Samantha Cull got another wheelchair surprise when a viewer saw her story on CBC and wanted to help.
The 26-year-old student from Corner Brook had her wheelchair stolen from her driveway when a person passing by thought it was garbage.
Her manual chair was next to a pile laid out for the city's Cleanup Week. It was quickly returned once the person realized their mistake. But that story got one man's attention.
After seeing Cull's story, Randell Hayes of St. John's called her and offered her an electric wheelchair.
"I was pretty excited about it. The one I have now is falling apart. The one he sent us a picture of is in pretty good shape," Cull said.
Cull has transverse myelitis, an inflammation of the spinal cord that affects her organs. She has only one lung, with 20 per cent capacity. An electric wheelchair will completely change how and where she can go.

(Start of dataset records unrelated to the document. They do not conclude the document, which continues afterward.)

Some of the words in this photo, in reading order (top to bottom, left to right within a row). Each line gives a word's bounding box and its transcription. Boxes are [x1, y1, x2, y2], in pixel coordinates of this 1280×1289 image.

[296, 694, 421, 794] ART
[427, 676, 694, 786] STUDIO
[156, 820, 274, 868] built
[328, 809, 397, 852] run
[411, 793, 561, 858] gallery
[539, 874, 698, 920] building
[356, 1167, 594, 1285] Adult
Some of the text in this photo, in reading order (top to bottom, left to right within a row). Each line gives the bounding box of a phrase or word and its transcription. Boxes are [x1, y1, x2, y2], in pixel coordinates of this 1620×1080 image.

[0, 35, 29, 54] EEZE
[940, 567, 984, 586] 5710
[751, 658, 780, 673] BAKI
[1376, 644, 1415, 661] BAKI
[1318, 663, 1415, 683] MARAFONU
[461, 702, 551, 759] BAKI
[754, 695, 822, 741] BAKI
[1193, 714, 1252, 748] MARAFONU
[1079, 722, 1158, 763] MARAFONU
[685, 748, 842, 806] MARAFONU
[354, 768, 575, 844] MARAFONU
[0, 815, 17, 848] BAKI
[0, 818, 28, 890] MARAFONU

"It will give me a lot of independence. I will be able to get to a lot of places on it," she said. "The one I have now is manual, and I have to push it with my feet because I can't use my hands."

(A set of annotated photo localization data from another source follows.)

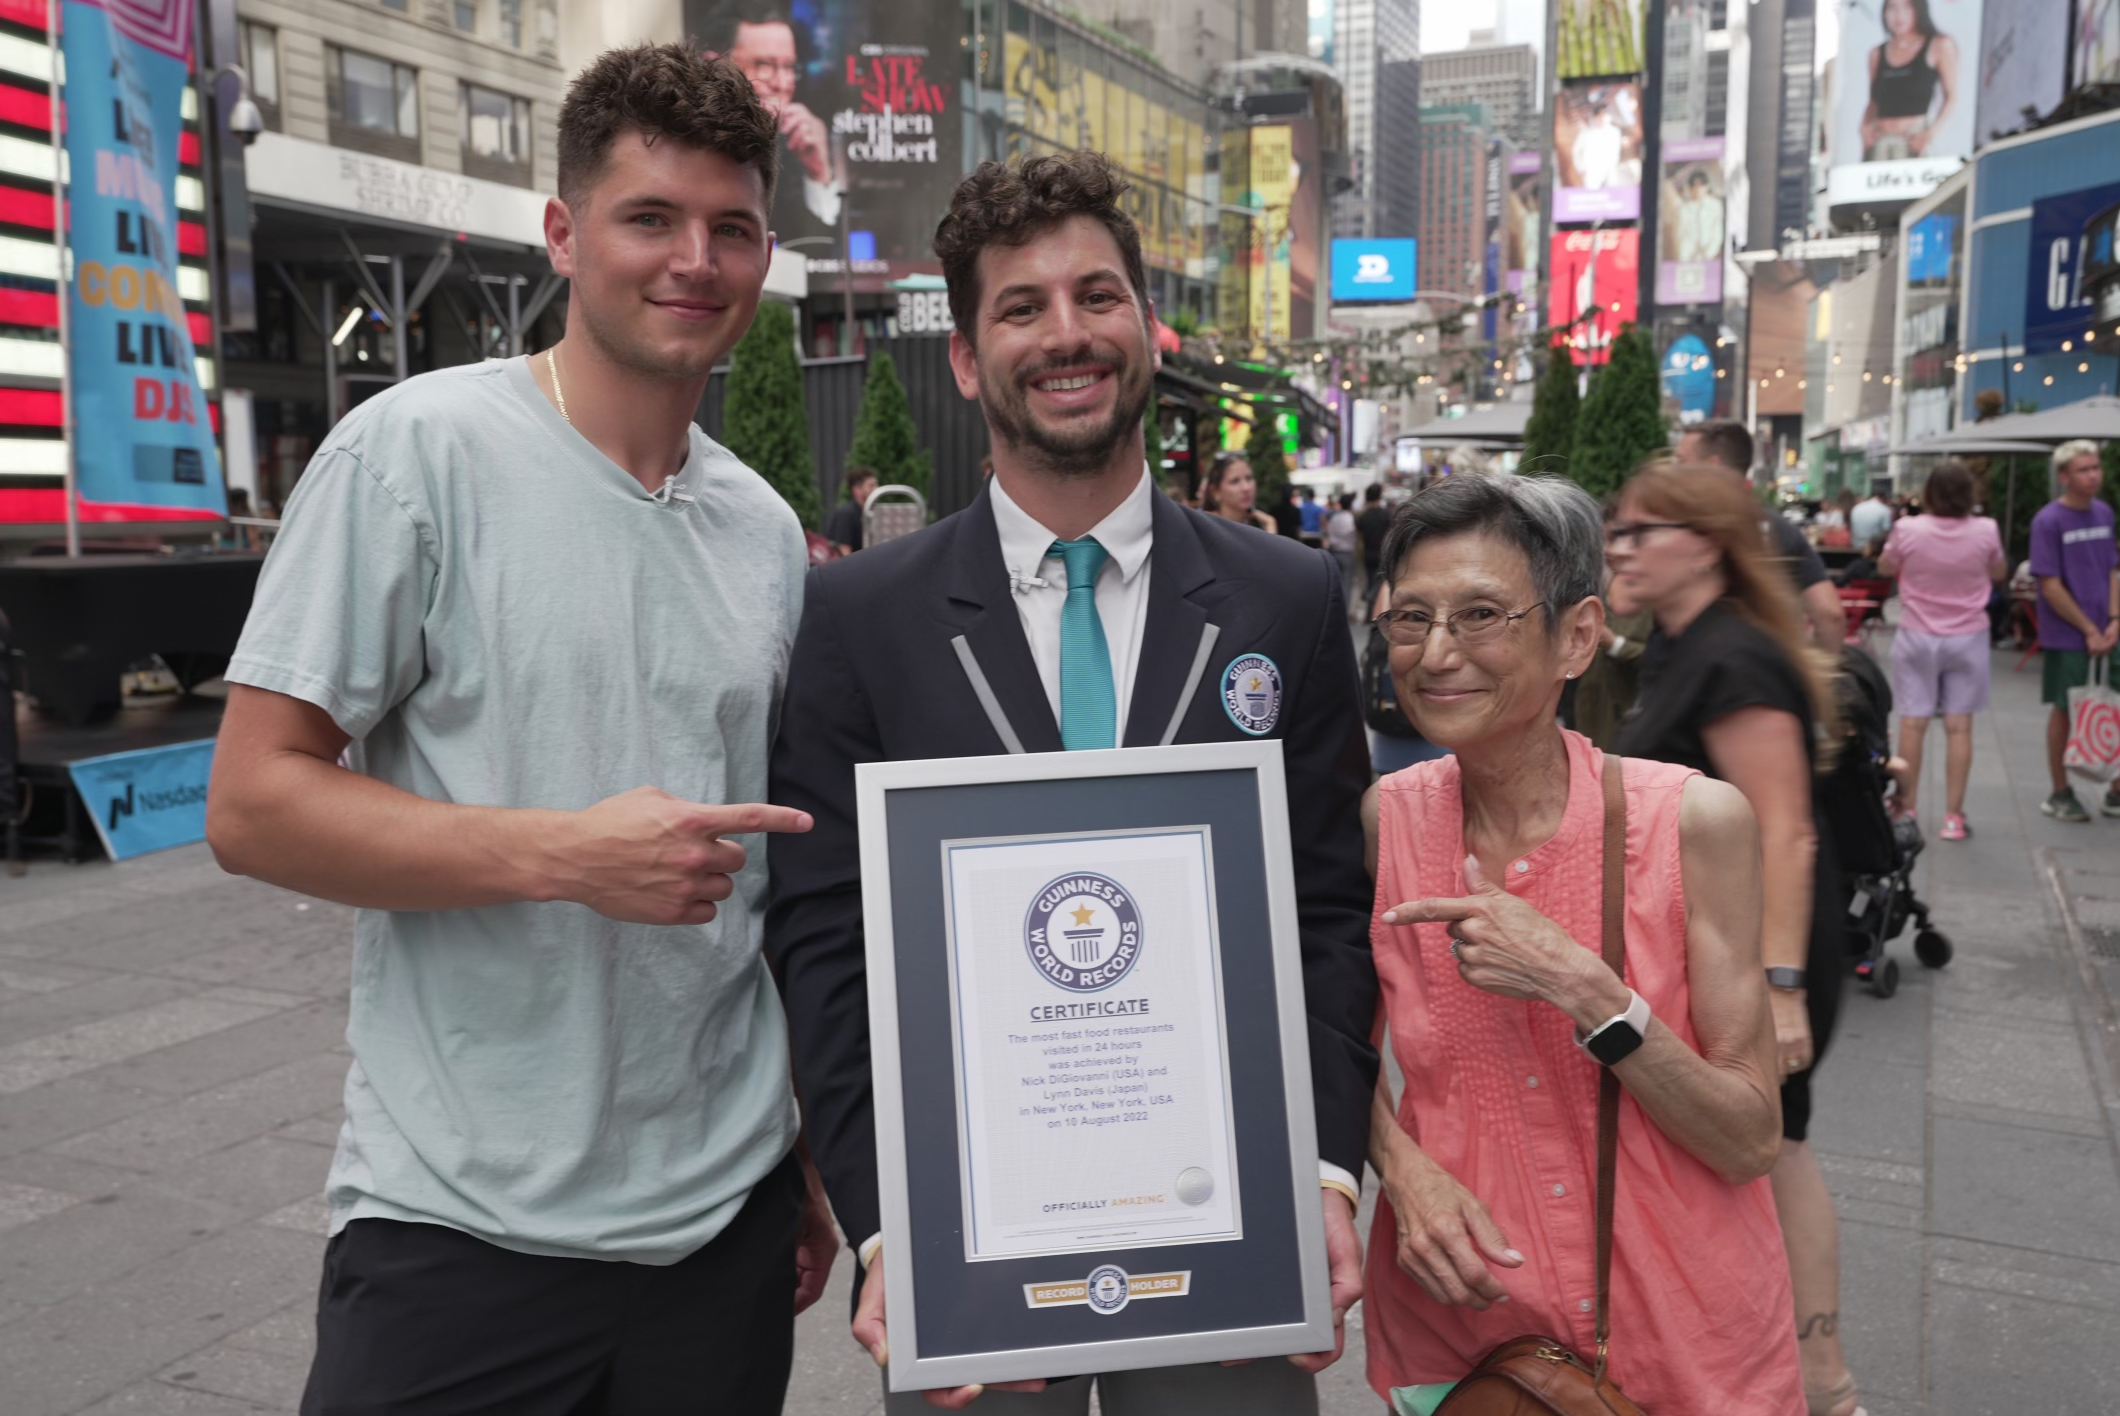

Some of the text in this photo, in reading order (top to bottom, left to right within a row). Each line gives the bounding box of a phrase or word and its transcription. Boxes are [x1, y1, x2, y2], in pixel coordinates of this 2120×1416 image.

[832, 103, 933, 143] stephen
[848, 126, 938, 163] colbert
[913, 291, 956, 332] BEE
[1229, 659, 1277, 681] GUINNESS
[1226, 689, 1252, 728] WORLD
[1038, 879, 1125, 913] GUINNESS
[1030, 921, 1137, 986] WORLD RECORDS
[1030, 999, 1149, 1020] CERTIFICATE
[1008, 1023, 1174, 1044] The most fast food restaurants
[1042, 1039, 1142, 1056] visited in 24 hours
[1049, 1055, 1138, 1070] was achieved by
[1022, 1066, 1167, 1086] Nick DiGiovanni (USA) and
[1044, 1082, 1148, 1102] Lynn Davis (Japan)
[1019, 1106, 1030, 1116] in
[1033, 1104, 1056, 1114] New
[1060, 1102, 1088, 1114] York,
[1092, 1100, 1114, 1110] New
[1150, 1094, 1173, 1105] USA
[1047, 1112, 1148, 1128] on 10 August 2022
[1043, 1195, 1164, 1213] OFFICIALLY AMAZING
[1036, 1278, 1178, 1300] RECORD HOLDER

The electric wheelchair has several buttons and knobs that control direction and speed.
She is currently on a two- to three-year wait list with her occupational therapist's office for an electric wheelchair.

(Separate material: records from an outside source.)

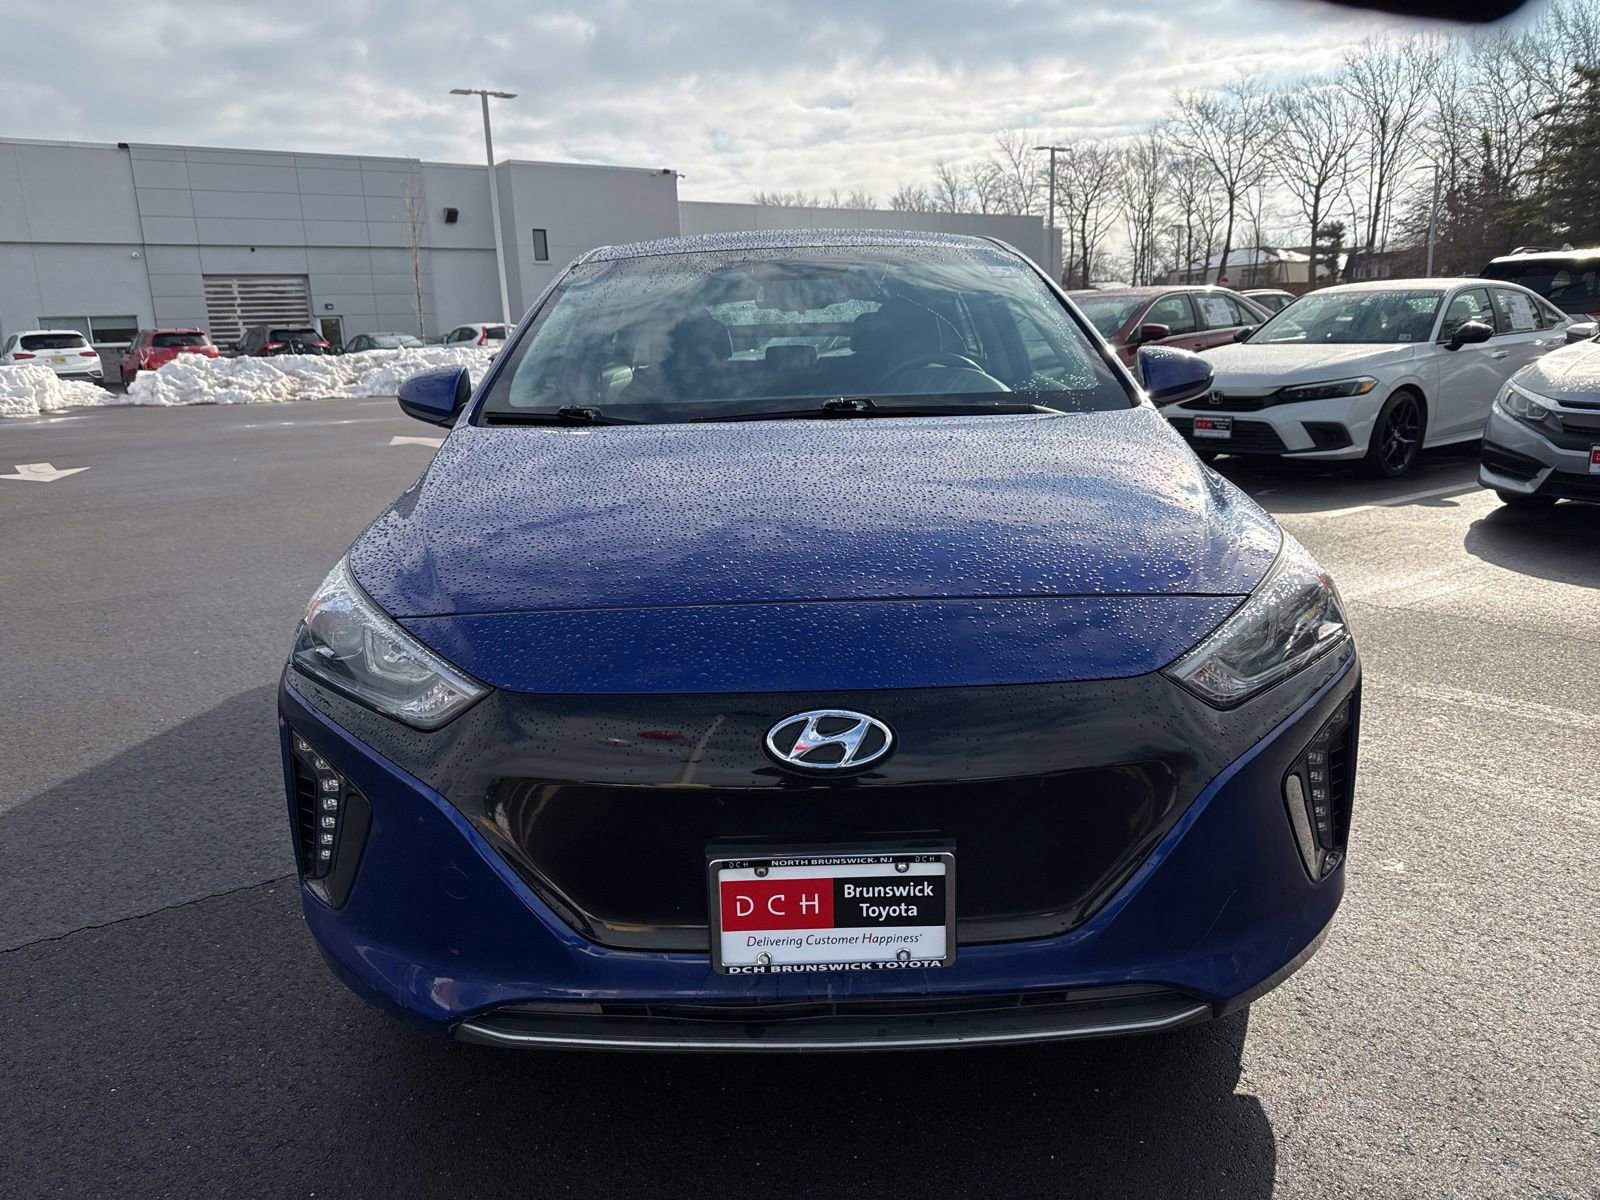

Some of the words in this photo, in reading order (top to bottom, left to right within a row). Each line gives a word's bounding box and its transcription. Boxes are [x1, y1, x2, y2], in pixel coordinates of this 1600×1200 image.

[771, 859, 809, 867] NORTH
[844, 881, 934, 898] Brunswick
[859, 903, 918, 922] Toyota
[746, 935, 803, 949] Delivering
[805, 934, 860, 946] Customer
[728, 966, 765, 974] DCH
[770, 961, 873, 973] BRUNSWICK
[875, 960, 941, 969] TOYOTA

"I was speechless when he offered it to me. Why would a stranger be giving me this? I'm very grateful this gentleman has donated this one to me,' she said.
Hayes didn't want to speak to CBC about the donation but just said his brother-in-law recently died, and his family wanted his wheelchair to go to someone who really needed it.
Cull's friends posted a picture of the new electric chair on Facebook, asking if anyone could bring it — it weighs about 200 pounds — across the island for her.
The moving company Household Movers saw the post and offered to bring it to Cull; they're picking it up in St. John's on Thursday and shipping it to Corner Brook.